Rindo com certo gosto, Matias respondeu logo em seguida:

 - Minha querida Clêmencia, realmente gosto de suas teorias. Não tem ideia de como me divirto com elas!

 -  Quer saber? Espero que isso sirva de consolo, Matias: "Na vida todos temos um segredo inconfessável, um arrependimento irreversível, um sonho inalcançável e um amor inesquecível."

Desta vez fora a baixinha senhora de Filosofia que entrara na conversa após tomar dois a três goles de sua bebida, sarcástica. Há pouco mais de um mês vinha apoiando Clêmencia em algo que, antes, considerava absurdo. Encarando-a com um ar embasbacado, logo em seguida Matias tratou de tomar uma atitude considerada descarada perante um grupo onde a maioria são mulheres.

 - Sabe, Cleber - disse com naturalidade, virando para o mesmo -, nessas horas questiono-me sobre a razão de estarmos aqui.

 - Eu também. Só sei de uma coisa: foi uma burrice!

Seguiu-se um bafafá entre eles, envolvendo risos e protestos.

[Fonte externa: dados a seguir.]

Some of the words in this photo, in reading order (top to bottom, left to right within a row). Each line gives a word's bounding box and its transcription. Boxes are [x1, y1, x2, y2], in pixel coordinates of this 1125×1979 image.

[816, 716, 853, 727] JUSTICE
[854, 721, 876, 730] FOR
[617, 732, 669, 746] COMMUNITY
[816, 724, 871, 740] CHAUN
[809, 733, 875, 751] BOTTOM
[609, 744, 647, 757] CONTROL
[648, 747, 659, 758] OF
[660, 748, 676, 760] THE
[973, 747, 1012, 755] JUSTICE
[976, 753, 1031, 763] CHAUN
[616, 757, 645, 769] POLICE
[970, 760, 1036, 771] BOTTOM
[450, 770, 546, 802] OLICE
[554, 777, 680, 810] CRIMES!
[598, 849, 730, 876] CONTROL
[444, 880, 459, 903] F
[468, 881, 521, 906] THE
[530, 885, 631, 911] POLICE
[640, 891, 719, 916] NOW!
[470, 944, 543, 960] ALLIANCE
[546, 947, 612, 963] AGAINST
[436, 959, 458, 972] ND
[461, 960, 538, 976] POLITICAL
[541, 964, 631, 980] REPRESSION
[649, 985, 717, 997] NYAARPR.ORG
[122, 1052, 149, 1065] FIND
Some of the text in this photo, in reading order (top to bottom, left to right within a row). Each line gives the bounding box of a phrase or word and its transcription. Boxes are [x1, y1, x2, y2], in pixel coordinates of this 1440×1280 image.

Ali perto, os outros professores deixavam as críticas à Shakespeare para comentarem sobre os companheiros envoltos em bom humor.

 - Olá! - fez o professor de Matemática divertindo-se ao ver as professoras revidando aos amigos de maneira cômica.

 - Pelo visto o assunto está rendendo - comentou deixando certa admiração escapar-lhe nas palavras a de Biologia, sempre sonhadora.

Não demorou nada e o professor de Ensino Religioso ia no embalo dizendo:

 - Como sempre, Cleber e Matias parecem estar dando um show!

 - O que já vem se tornando banal - Glória entrou na conversa com tom desagradável e um olhar estreito para a rodinha do lado. Acostumados com tal atitude, os companheiros não ligaram. Mesmo assim, o professor de Química fez questão de perguntar com sinceridade e educação.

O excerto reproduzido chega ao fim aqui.